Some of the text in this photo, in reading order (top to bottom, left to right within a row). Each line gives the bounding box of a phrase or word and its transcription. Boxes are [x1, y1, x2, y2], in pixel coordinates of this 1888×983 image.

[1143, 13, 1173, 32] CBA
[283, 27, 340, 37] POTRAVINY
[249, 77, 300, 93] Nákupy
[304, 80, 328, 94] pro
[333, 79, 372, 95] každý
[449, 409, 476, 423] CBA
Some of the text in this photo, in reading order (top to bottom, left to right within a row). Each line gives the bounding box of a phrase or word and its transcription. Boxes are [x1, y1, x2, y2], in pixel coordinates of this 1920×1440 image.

--------------------

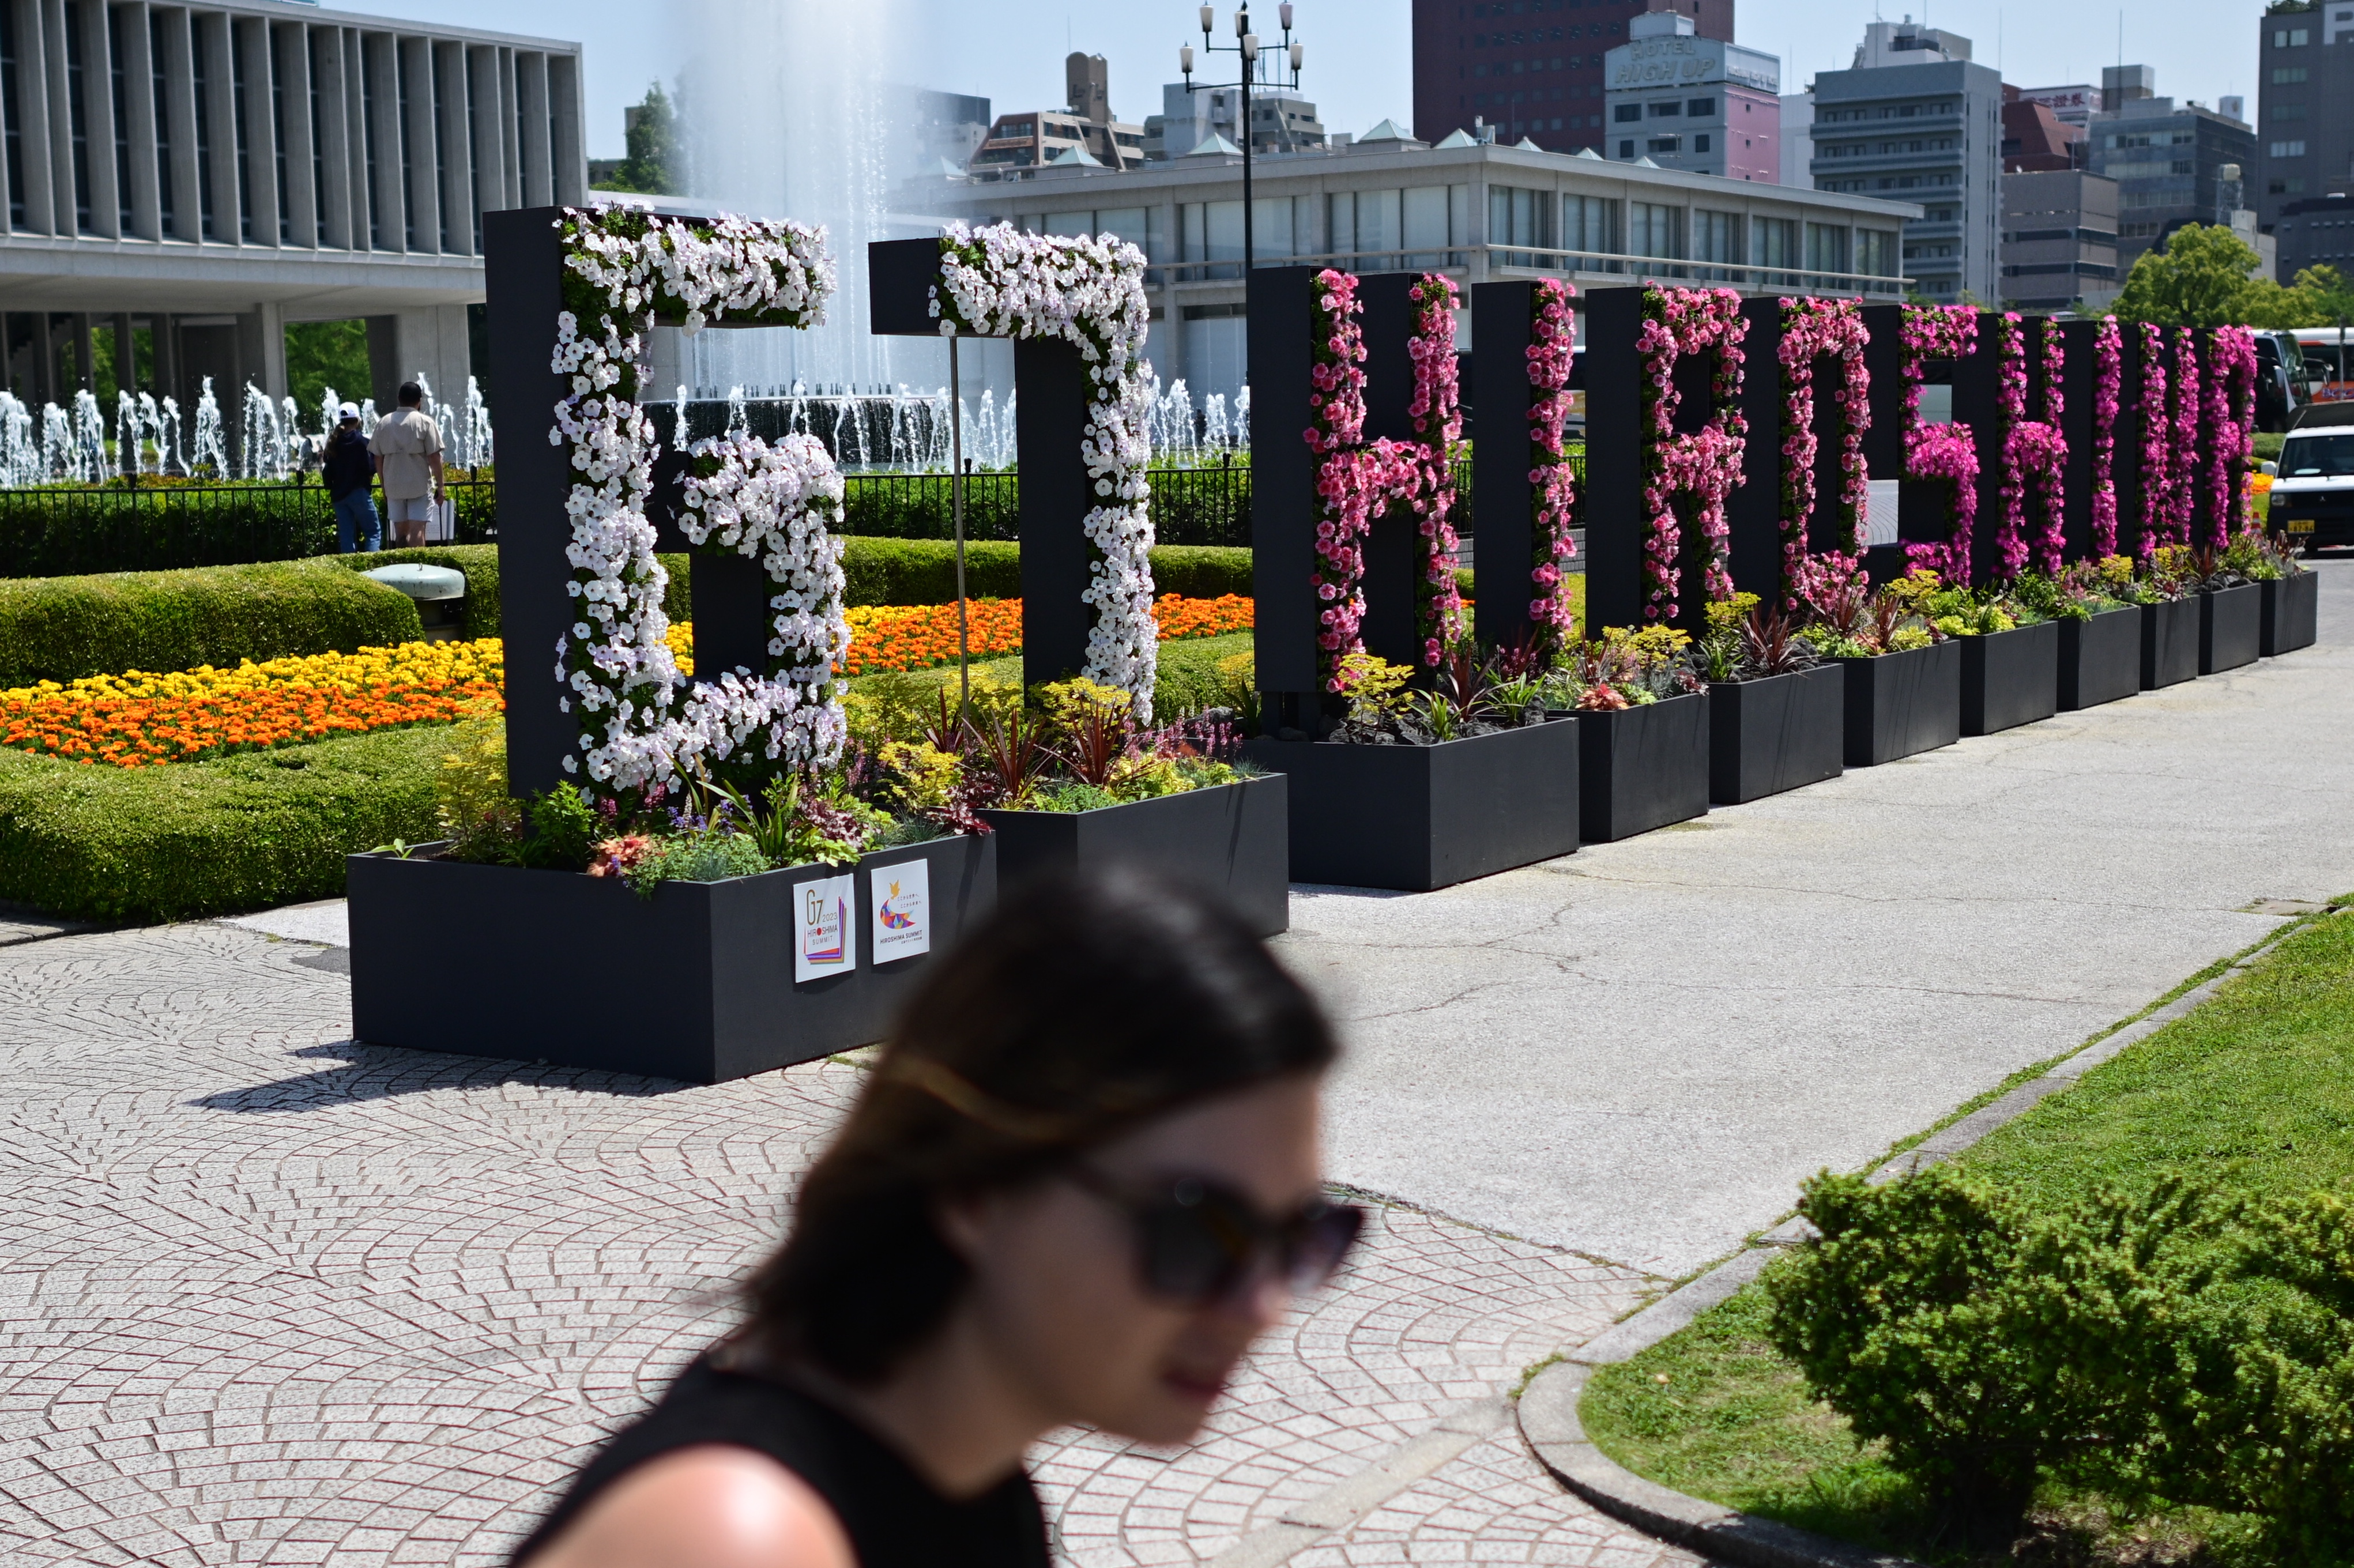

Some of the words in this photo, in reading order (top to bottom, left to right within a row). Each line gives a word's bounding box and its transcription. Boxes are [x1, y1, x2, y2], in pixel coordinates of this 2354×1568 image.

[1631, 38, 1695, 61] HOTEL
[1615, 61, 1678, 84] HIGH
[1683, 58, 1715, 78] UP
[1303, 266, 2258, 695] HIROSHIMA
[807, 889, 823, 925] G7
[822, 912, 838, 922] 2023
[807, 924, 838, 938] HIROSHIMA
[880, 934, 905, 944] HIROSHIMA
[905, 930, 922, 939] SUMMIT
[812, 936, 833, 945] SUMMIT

--------------------

What you should do :: Write out exactly the lines above from the line with "this 1888×983 image." through the line with "this 1920×1440 image.", both of them included, and leave out all other lines.

Solution ::
Some of the text in this photo, in reading order (top to bottom, left to right within a row). Each line gives the bounding box of a phrase or word and its transcription. Boxes are [x1, y1, x2, y2], in pixel coordinates of this 1888×983 image.

[1143, 13, 1173, 32] CBA
[283, 27, 340, 37] POTRAVINY
[249, 77, 300, 93] Nákupy
[304, 80, 328, 94] pro
[333, 79, 372, 95] každý
[449, 409, 476, 423] CBA
Some of the text in this photo, in reading order (top to bottom, left to right within a row). Each line gives the bounding box of a phrase or word and its transcription. Boxes are [x1, y1, x2, y2], in pixel coordinates of this 1920×1440 image.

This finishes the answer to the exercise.